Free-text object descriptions
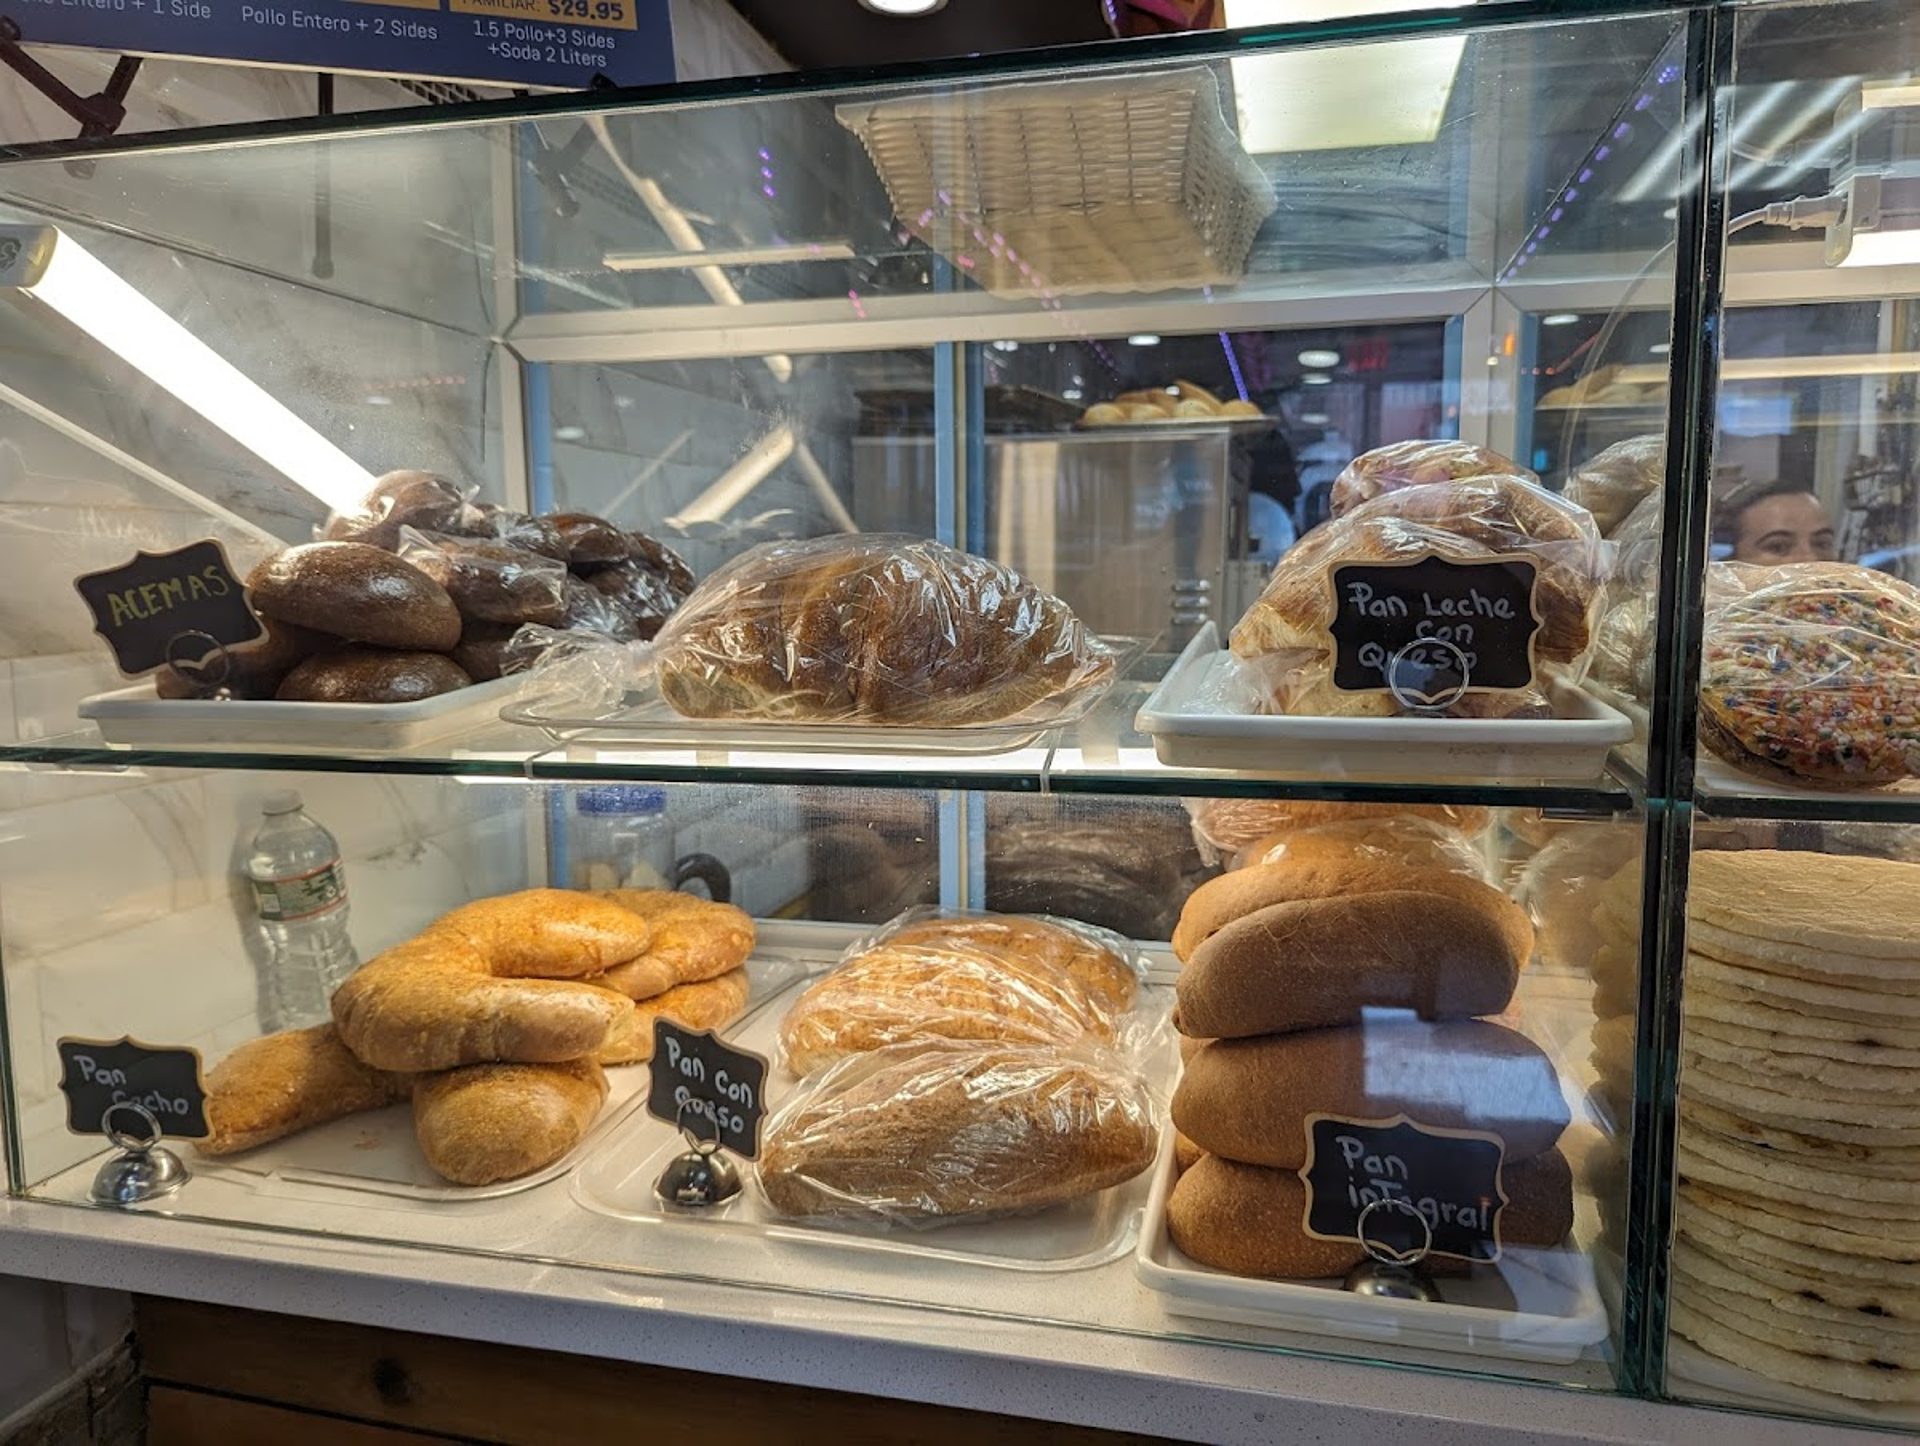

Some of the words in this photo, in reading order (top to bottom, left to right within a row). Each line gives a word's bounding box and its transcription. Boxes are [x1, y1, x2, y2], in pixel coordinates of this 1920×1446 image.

[153, 0, 165, 14] 1
[171, 0, 211, 18] Side
[242, 6, 286, 26] Pollo
[292, 11, 350, 32] Entero
[355, 18, 369, 31] +
[374, 19, 385, 35] 2
[391, 20, 438, 40] Sides
[549, 0, 625, 21] $29.95
[473, 20, 500, 38] 1.5
[571, 30, 616, 49] Sides
[488, 43, 541, 61] +Soda
[546, 47, 556, 63] 2
[561, 49, 607, 68] Liters
[107, 565, 229, 627] ACEMAS
[1347, 581, 1408, 617] Pan
[1423, 588, 1516, 619] Leche
[73, 1055, 127, 1086] Pan
[665, 1036, 705, 1083] Pan
[1336, 1136, 1408, 1180] Pan
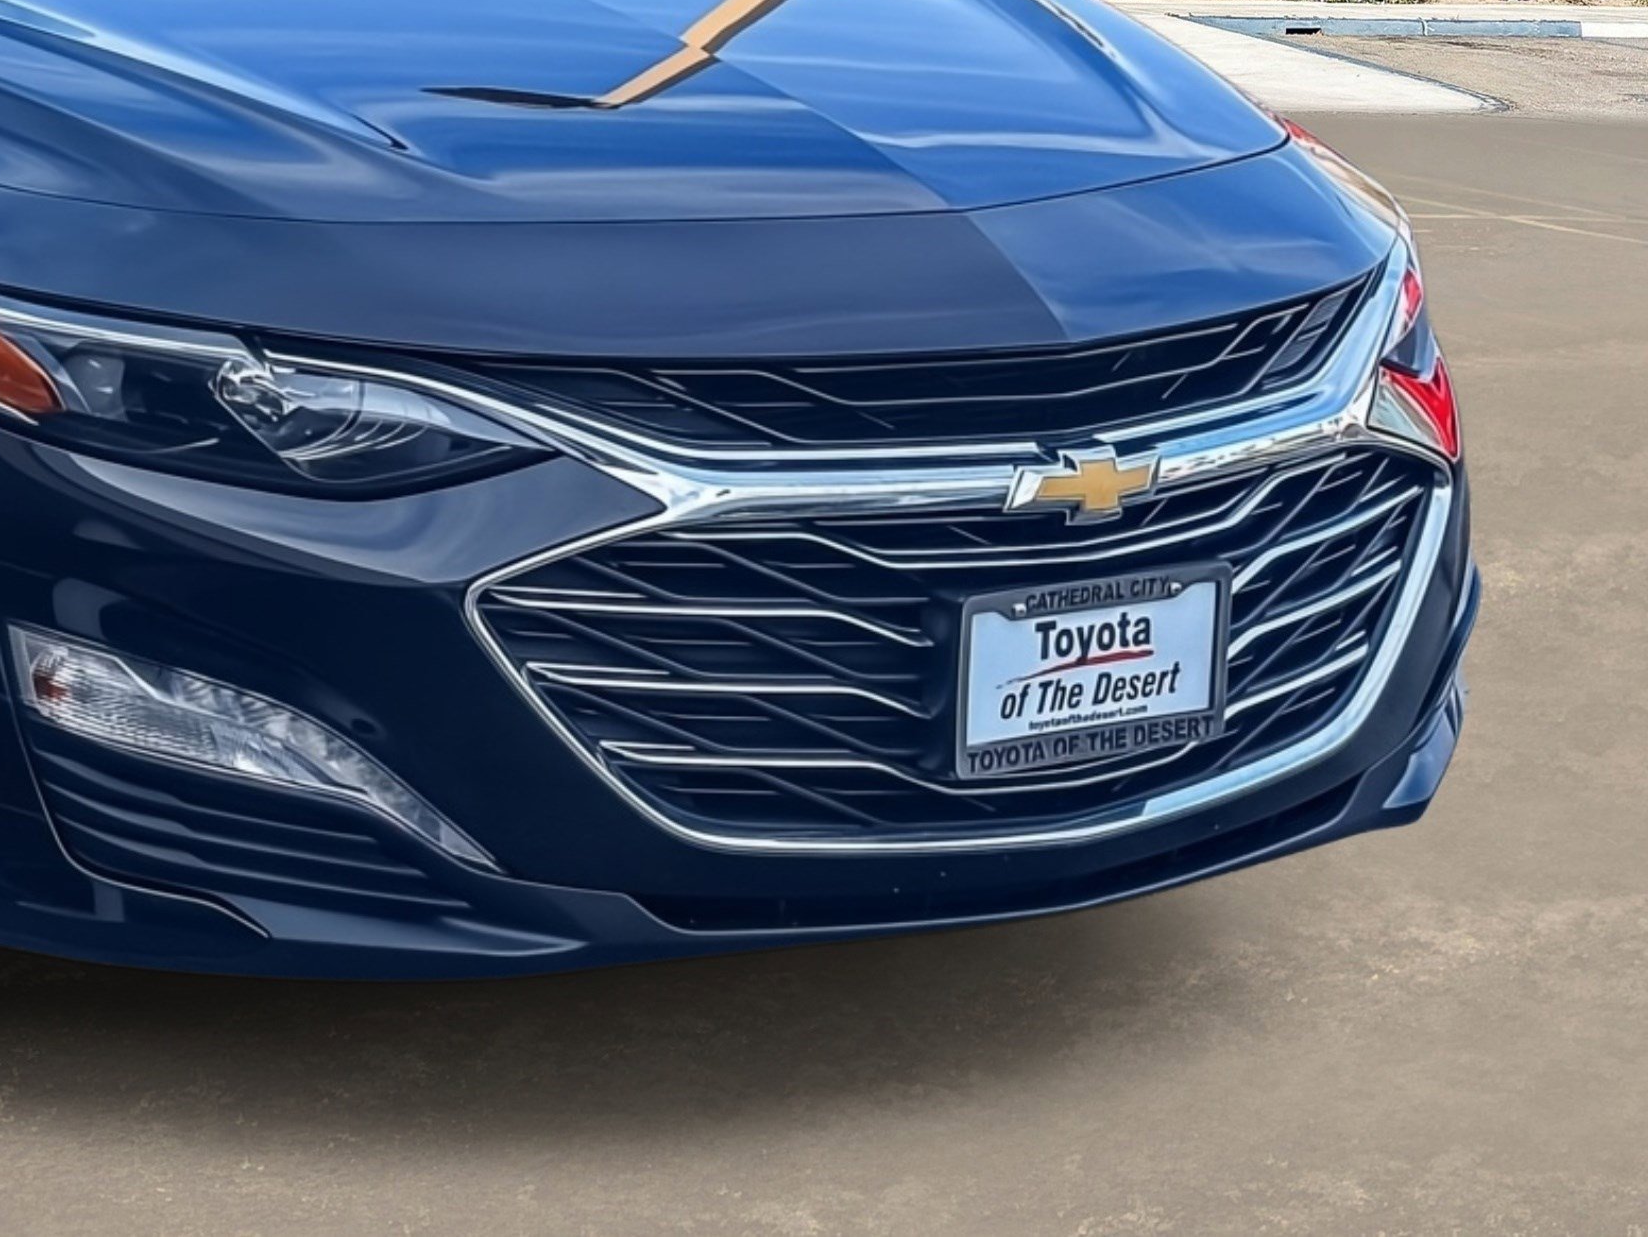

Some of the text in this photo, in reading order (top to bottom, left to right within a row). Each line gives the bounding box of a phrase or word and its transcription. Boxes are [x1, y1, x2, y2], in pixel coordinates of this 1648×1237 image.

* [Work instructions]: Word for word, restate all of the data, but do not copy the pictures.

* [Output]:
Some of the words in this photo, in reading order (top to bottom, left to right within a row). Each line gives a word's bounding box and its transcription. Boxes are [x1, y1, x2, y2], in pixel coordinates of this 1920×1446 image.

[153, 0, 165, 14] 1
[171, 0, 211, 18] Side
[242, 6, 286, 26] Pollo
[292, 11, 350, 32] Entero
[355, 18, 369, 31] +
[374, 19, 385, 35] 2
[391, 20, 438, 40] Sides
[549, 0, 625, 21] $29.95
[473, 20, 500, 38] 1.5
[571, 30, 616, 49] Sides
[488, 43, 541, 61] +Soda
[546, 47, 556, 63] 2
[561, 49, 607, 68] Liters
[107, 565, 229, 627] ACEMAS
[1347, 581, 1408, 617] Pan
[1423, 588, 1516, 619] Leche
[73, 1055, 127, 1086] Pan
[665, 1036, 705, 1083] Pan
[1336, 1136, 1408, 1180] Pan

Some of the text in this photo, in reading order (top to bottom, left to right within a row). Each line gives the bounding box of a phrase or word and its transcription. Boxes are [x1, y1, x2, y2], in pixel coordinates of this 1648×1237 image.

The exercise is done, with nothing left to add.